Mahkeme başkanının Nevzat Bahtiyar’a aralarındaki para meselesinden dolayı kin besleyip beslemediğini sorusu üzerine Arif Güran, “İlk söylediğimde kimse inanmadı 50 bin TL için çocuk öldürmezler dediler ama böyle bir konumuz oldu. Defalarca söyledim benim kızım tepeye çıkmamış. Senaryo üzerinden senin abin 18.30’da köyden süratle geçti, kızını götürmüş olabilir dediler. Delil istedim yaklaşık 6 akşam jandarmada durdum herhangi bir zorluk görmedim. İlk gün de söyledim. ‘Komutanım kamera benim evimi net görüyor’ dedim. ‘Bizim bakmaya yetkimiz yok’ dediler. Güneş vuruyor diyorlar kızımın en son görüldüğü saatler o kamera 18.30 sıralarını gösteriyor. O şahin adlı kameraların izlenmesini istiyorum. Benim evimin önünde ağaç bile yok, görülür. O kamera kayıtlarını istiyorum. O kamera net görüyor. Belki o kamera ortaya çıksa Nevzat Bahtiyar da suçsuz çıkabilir ama bakılsın” dedi.

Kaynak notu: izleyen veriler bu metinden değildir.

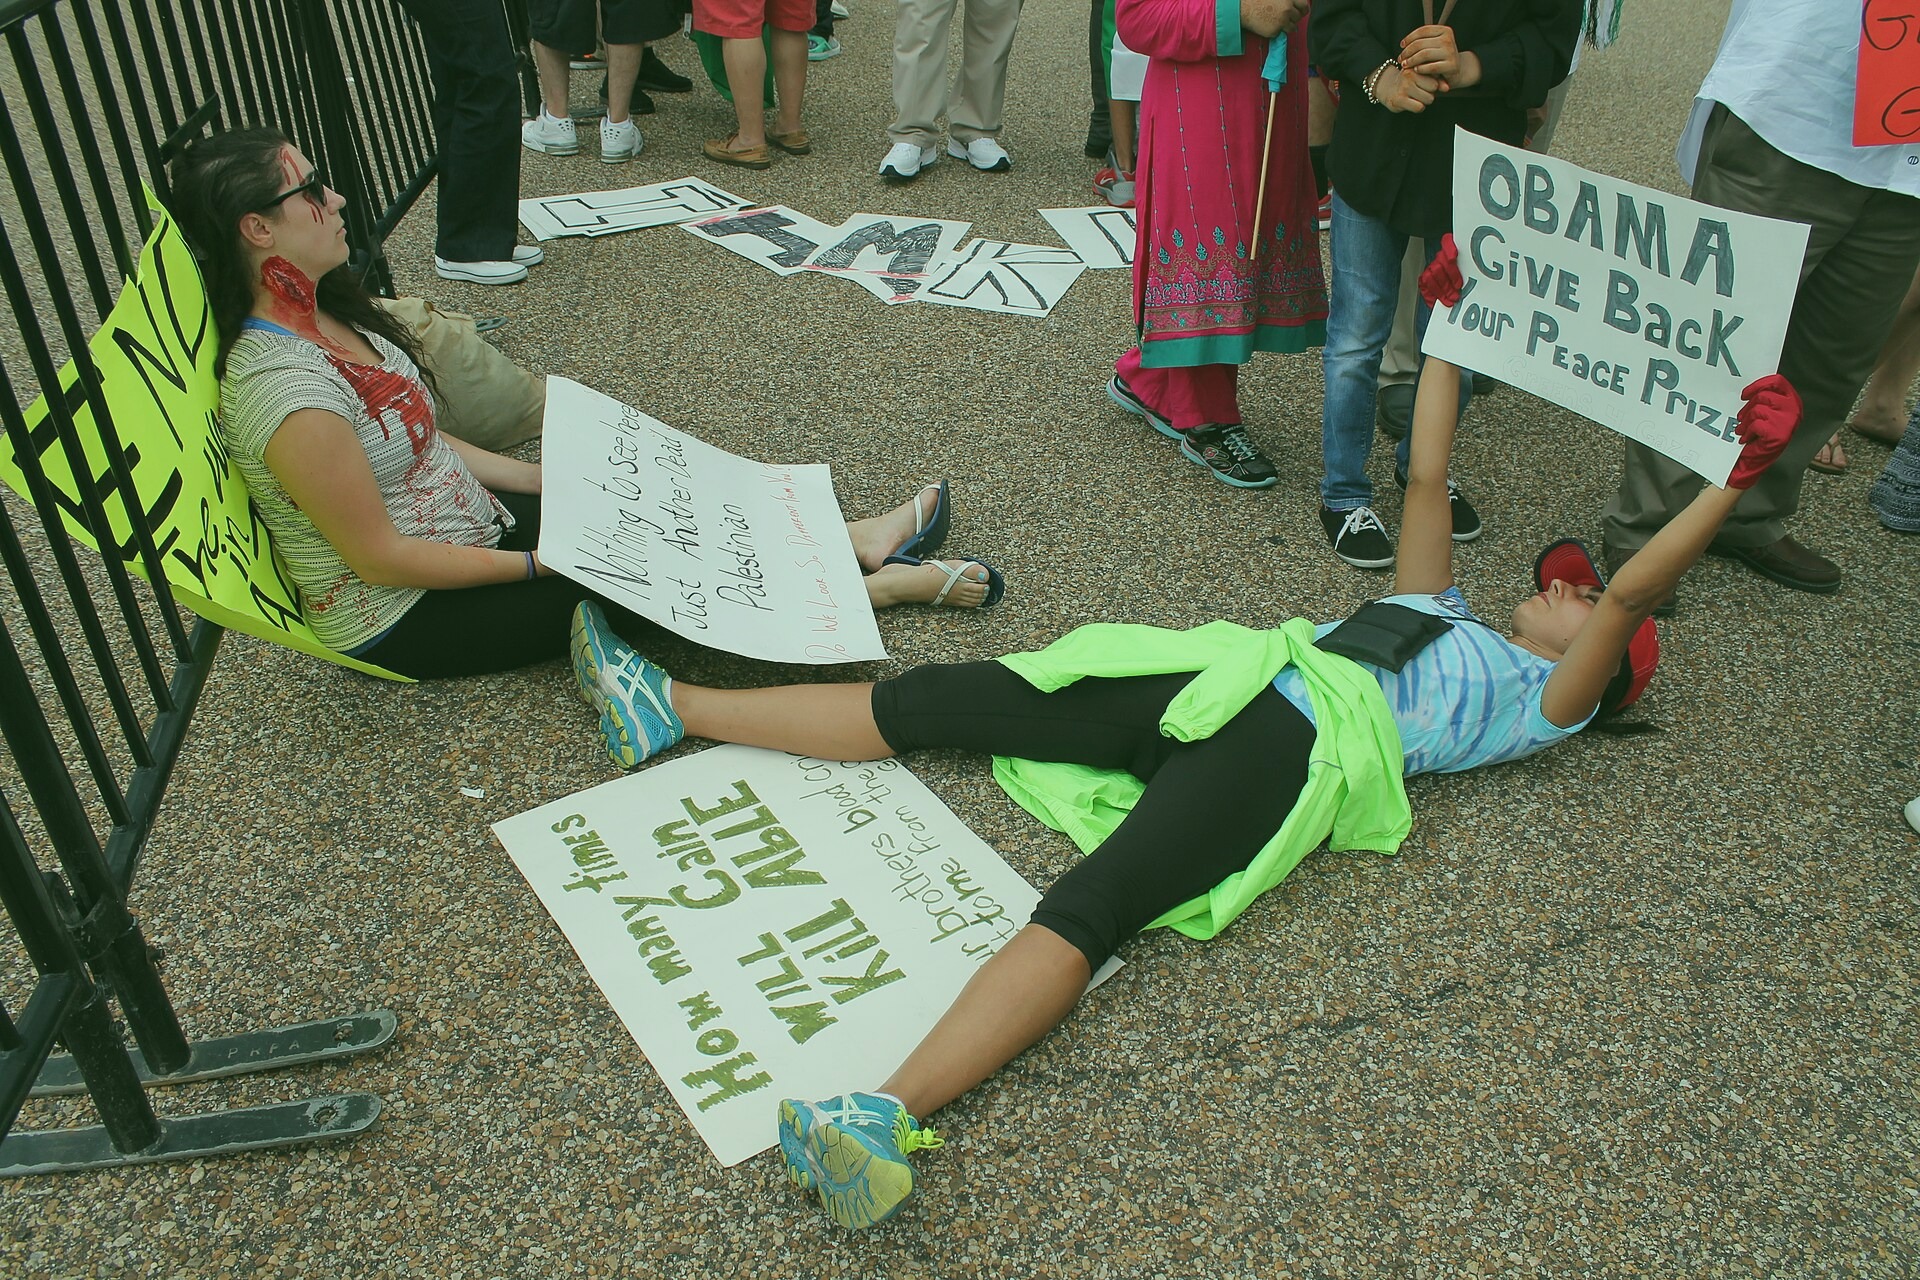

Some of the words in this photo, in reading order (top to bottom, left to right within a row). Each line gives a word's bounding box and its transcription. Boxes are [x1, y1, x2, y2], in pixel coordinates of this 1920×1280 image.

Arif Güran’ın bu talebine, mahkeme başkanı konu ile alakalı ilgili yerlere talepte bulunacaklarını söyledi.
Diyarbakır'da 8 yaşındaki Narin Güran'ın öldürülmesine ilişkin davada tutuklu 4 sanıktan anne Yüksel Güran savunma yaptı. Diyarbakır 8. Ağır Ceza Mahkemesindeki duruşmada tutuklu sanıklar Nevzat Bahtiyar ve ağabey Enes Güran'ın savunmasının ardından anne Yüksel Güran'ın savunmasına geçildi. Mahkeme başkanı, sanık Yüksel Güran'a "iştirak halinde çocuğa karşı kasten öldürme" suçundan ağırlaştırılmış müebbet hapis cezası istemiyle hakkında dava açıldığını belirtti.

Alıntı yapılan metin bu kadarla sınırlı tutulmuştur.